YOUR GOAL:
Copy out all of the data exactly as it appears.

GIVEN DATA:
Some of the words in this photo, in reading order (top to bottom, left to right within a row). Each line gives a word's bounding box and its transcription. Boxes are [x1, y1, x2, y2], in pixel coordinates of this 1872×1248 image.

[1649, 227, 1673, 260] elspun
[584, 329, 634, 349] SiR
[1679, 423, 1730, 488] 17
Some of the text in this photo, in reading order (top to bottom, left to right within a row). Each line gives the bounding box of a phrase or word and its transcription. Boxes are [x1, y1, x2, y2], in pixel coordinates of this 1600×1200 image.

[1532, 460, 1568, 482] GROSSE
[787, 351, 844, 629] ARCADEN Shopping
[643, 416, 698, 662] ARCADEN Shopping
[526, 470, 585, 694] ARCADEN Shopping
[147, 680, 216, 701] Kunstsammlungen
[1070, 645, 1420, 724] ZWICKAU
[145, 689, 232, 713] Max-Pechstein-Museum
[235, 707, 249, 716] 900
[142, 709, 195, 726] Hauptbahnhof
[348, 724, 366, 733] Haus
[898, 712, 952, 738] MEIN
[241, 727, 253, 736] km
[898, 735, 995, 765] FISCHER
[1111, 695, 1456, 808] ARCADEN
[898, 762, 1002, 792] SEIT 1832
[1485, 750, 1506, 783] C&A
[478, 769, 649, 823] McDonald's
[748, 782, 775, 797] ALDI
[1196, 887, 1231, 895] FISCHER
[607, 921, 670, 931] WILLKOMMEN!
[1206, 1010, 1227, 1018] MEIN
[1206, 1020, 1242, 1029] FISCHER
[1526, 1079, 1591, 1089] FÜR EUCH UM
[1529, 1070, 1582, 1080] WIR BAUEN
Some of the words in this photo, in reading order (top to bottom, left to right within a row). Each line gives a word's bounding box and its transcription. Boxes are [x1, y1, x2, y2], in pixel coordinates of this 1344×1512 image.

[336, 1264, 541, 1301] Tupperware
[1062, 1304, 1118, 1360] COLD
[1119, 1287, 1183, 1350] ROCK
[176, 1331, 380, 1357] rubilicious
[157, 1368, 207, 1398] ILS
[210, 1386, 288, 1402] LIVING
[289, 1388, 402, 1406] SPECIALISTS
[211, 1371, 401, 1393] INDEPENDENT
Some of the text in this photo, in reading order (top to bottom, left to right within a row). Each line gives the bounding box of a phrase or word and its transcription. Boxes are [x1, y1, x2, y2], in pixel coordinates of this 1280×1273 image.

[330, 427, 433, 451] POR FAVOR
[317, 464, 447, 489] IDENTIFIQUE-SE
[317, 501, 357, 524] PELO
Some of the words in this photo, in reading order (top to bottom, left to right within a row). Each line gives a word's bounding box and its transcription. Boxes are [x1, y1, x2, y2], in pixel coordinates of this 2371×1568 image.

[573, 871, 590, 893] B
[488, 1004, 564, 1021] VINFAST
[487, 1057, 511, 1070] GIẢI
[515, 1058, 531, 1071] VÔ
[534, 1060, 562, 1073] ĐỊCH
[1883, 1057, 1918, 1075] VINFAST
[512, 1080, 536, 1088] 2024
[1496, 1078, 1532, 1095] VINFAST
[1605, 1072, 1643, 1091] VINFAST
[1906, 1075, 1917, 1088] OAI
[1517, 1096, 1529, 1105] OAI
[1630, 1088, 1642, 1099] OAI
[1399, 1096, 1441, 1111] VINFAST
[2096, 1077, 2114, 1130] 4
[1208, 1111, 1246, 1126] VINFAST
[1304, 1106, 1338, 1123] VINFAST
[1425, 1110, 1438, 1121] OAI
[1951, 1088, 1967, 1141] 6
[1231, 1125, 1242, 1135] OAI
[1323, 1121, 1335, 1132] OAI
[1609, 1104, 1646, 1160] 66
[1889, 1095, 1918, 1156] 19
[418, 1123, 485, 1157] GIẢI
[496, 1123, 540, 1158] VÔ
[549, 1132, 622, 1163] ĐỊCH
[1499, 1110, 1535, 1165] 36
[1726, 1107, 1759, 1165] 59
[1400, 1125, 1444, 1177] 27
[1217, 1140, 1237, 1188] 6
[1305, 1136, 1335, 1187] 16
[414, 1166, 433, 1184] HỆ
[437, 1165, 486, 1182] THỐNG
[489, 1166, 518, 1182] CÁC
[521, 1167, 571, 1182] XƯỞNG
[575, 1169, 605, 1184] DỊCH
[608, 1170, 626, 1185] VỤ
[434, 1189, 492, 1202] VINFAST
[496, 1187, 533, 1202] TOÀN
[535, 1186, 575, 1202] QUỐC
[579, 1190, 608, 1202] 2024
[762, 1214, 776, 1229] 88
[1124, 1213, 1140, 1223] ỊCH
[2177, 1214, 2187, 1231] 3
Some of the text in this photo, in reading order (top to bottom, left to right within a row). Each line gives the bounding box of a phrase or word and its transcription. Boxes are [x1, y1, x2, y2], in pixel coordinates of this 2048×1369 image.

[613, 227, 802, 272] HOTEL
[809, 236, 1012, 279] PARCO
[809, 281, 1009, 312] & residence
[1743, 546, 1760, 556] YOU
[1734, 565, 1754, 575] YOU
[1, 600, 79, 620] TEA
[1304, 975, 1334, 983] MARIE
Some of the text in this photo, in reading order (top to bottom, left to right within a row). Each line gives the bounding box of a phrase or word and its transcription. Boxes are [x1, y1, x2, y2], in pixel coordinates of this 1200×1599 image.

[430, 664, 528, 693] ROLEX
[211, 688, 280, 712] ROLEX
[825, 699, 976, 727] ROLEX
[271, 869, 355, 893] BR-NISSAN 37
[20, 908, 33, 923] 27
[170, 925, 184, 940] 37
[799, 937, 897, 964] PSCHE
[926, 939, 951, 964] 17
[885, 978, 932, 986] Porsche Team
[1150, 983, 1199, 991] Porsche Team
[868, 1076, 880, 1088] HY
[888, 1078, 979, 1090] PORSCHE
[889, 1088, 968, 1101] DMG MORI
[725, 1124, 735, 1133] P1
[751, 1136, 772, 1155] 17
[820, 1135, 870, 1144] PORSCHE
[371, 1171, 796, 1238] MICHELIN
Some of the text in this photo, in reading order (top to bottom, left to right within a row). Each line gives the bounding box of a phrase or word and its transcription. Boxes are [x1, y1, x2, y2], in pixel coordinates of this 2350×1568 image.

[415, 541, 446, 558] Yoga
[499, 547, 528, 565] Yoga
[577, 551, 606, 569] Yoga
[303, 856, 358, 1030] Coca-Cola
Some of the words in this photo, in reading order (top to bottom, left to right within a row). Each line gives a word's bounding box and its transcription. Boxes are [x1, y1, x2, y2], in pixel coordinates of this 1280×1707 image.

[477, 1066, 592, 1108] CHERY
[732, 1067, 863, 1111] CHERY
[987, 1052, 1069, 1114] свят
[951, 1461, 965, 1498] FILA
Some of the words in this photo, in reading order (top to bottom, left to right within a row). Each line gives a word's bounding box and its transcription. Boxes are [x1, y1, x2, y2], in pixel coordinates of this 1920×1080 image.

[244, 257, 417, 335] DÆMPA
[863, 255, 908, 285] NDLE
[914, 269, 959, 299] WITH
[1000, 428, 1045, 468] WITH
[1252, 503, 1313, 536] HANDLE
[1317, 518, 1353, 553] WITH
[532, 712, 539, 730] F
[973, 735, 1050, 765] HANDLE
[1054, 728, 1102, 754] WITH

EXERCISE ANSWER:
Some of the words in this photo, in reading order (top to bottom, left to right within a row). Each line gives a word's bounding box and its transcription. Boxes are [x1, y1, x2, y2], in pixel coordinates of this 1872×1248 image.

[1649, 227, 1673, 260] elspun
[584, 329, 634, 349] SiR
[1679, 423, 1730, 488] 17
Some of the text in this photo, in reading order (top to bottom, left to right within a row). Each line gives the bounding box of a phrase or word and its transcription. Boxes are [x1, y1, x2, y2], in pixel coordinates of this 1600×1200 image.

[1532, 460, 1568, 482] GROSSE
[787, 351, 844, 629] ARCADEN Shopping
[643, 416, 698, 662] ARCADEN Shopping
[526, 470, 585, 694] ARCADEN Shopping
[147, 680, 216, 701] Kunstsammlungen
[1070, 645, 1420, 724] ZWICKAU
[145, 689, 232, 713] Max-Pechstein-Museum
[235, 707, 249, 716] 900
[142, 709, 195, 726] Hauptbahnhof
[348, 724, 366, 733] Haus
[898, 712, 952, 738] MEIN
[241, 727, 253, 736] km
[898, 735, 995, 765] FISCHER
[1111, 695, 1456, 808] ARCADEN
[898, 762, 1002, 792] SEIT 1832
[1485, 750, 1506, 783] C&A
[478, 769, 649, 823] McDonald's
[748, 782, 775, 797] ALDI
[1196, 887, 1231, 895] FISCHER
[607, 921, 670, 931] WILLKOMMEN!
[1206, 1010, 1227, 1018] MEIN
[1206, 1020, 1242, 1029] FISCHER
[1526, 1079, 1591, 1089] FÜR EUCH UM
[1529, 1070, 1582, 1080] WIR BAUEN
Some of the words in this photo, in reading order (top to bottom, left to right within a row). Each line gives a word's bounding box and its transcription. Boxes are [x1, y1, x2, y2], in pixel coordinates of this 1344×1512 image.

[336, 1264, 541, 1301] Tupperware
[1062, 1304, 1118, 1360] COLD
[1119, 1287, 1183, 1350] ROCK
[176, 1331, 380, 1357] rubilicious
[157, 1368, 207, 1398] ILS
[210, 1386, 288, 1402] LIVING
[289, 1388, 402, 1406] SPECIALISTS
[211, 1371, 401, 1393] INDEPENDENT
Some of the text in this photo, in reading order (top to bottom, left to right within a row). Each line gives the bounding box of a phrase or word and its transcription. Boxes are [x1, y1, x2, y2], in pixel coordinates of this 1280×1273 image.

[330, 427, 433, 451] POR FAVOR
[317, 464, 447, 489] IDENTIFIQUE-SE
[317, 501, 357, 524] PELO
Some of the words in this photo, in reading order (top to bottom, left to right within a row). Each line gives a word's bounding box and its transcription. Boxes are [x1, y1, x2, y2], in pixel coordinates of this 2371×1568 image.

[573, 871, 590, 893] B
[488, 1004, 564, 1021] VINFAST
[487, 1057, 511, 1070] GIẢI
[515, 1058, 531, 1071] VÔ
[534, 1060, 562, 1073] ĐỊCH
[1883, 1057, 1918, 1075] VINFAST
[512, 1080, 536, 1088] 2024
[1496, 1078, 1532, 1095] VINFAST
[1605, 1072, 1643, 1091] VINFAST
[1906, 1075, 1917, 1088] OAI
[1517, 1096, 1529, 1105] OAI
[1630, 1088, 1642, 1099] OAI
[1399, 1096, 1441, 1111] VINFAST
[2096, 1077, 2114, 1130] 4
[1208, 1111, 1246, 1126] VINFAST
[1304, 1106, 1338, 1123] VINFAST
[1425, 1110, 1438, 1121] OAI
[1951, 1088, 1967, 1141] 6
[1231, 1125, 1242, 1135] OAI
[1323, 1121, 1335, 1132] OAI
[1609, 1104, 1646, 1160] 66
[1889, 1095, 1918, 1156] 19
[418, 1123, 485, 1157] GIẢI
[496, 1123, 540, 1158] VÔ
[549, 1132, 622, 1163] ĐỊCH
[1499, 1110, 1535, 1165] 36
[1726, 1107, 1759, 1165] 59
[1400, 1125, 1444, 1177] 27
[1217, 1140, 1237, 1188] 6
[1305, 1136, 1335, 1187] 16
[414, 1166, 433, 1184] HỆ
[437, 1165, 486, 1182] THỐNG
[489, 1166, 518, 1182] CÁC
[521, 1167, 571, 1182] XƯỞNG
[575, 1169, 605, 1184] DỊCH
[608, 1170, 626, 1185] VỤ
[434, 1189, 492, 1202] VINFAST
[496, 1187, 533, 1202] TOÀN
[535, 1186, 575, 1202] QUỐC
[579, 1190, 608, 1202] 2024
[762, 1214, 776, 1229] 88
[1124, 1213, 1140, 1223] ỊCH
[2177, 1214, 2187, 1231] 3
Some of the text in this photo, in reading order (top to bottom, left to right within a row). Each line gives the bounding box of a phrase or word and its transcription. Boxes are [x1, y1, x2, y2], in pixel coordinates of this 2048×1369 image.

[613, 227, 802, 272] HOTEL
[809, 236, 1012, 279] PARCO
[809, 281, 1009, 312] & residence
[1743, 546, 1760, 556] YOU
[1734, 565, 1754, 575] YOU
[1, 600, 79, 620] TEA
[1304, 975, 1334, 983] MARIE
Some of the text in this photo, in reading order (top to bottom, left to right within a row). Each line gives the bounding box of a phrase or word and its transcription. Boxes are [x1, y1, x2, y2], in pixel coordinates of this 1200×1599 image.

[430, 664, 528, 693] ROLEX
[211, 688, 280, 712] ROLEX
[825, 699, 976, 727] ROLEX
[271, 869, 355, 893] BR-NISSAN 37
[20, 908, 33, 923] 27
[170, 925, 184, 940] 37
[799, 937, 897, 964] PSCHE
[926, 939, 951, 964] 17
[885, 978, 932, 986] Porsche Team
[1150, 983, 1199, 991] Porsche Team
[868, 1076, 880, 1088] HY
[888, 1078, 979, 1090] PORSCHE
[889, 1088, 968, 1101] DMG MORI
[725, 1124, 735, 1133] P1
[751, 1136, 772, 1155] 17
[820, 1135, 870, 1144] PORSCHE
[371, 1171, 796, 1238] MICHELIN
Some of the text in this photo, in reading order (top to bottom, left to right within a row). Each line gives the bounding box of a phrase or word and its transcription. Boxes are [x1, y1, x2, y2], in pixel coordinates of this 2350×1568 image.

[415, 541, 446, 558] Yoga
[499, 547, 528, 565] Yoga
[577, 551, 606, 569] Yoga
[303, 856, 358, 1030] Coca-Cola
Some of the words in this photo, in reading order (top to bottom, left to right within a row). Each line gives a word's bounding box and its transcription. Boxes are [x1, y1, x2, y2], in pixel coordinates of this 1280×1707 image.

[477, 1066, 592, 1108] CHERY
[732, 1067, 863, 1111] CHERY
[987, 1052, 1069, 1114] свят
[951, 1461, 965, 1498] FILA
Some of the words in this photo, in reading order (top to bottom, left to right within a row). Each line gives a word's bounding box and its transcription. Boxes are [x1, y1, x2, y2], in pixel coordinates of this 1920×1080 image.

[244, 257, 417, 335] DÆMPA
[863, 255, 908, 285] NDLE
[914, 269, 959, 299] WITH
[1000, 428, 1045, 468] WITH
[1252, 503, 1313, 536] HANDLE
[1317, 518, 1353, 553] WITH
[532, 712, 539, 730] F
[973, 735, 1050, 765] HANDLE
[1054, 728, 1102, 754] WITH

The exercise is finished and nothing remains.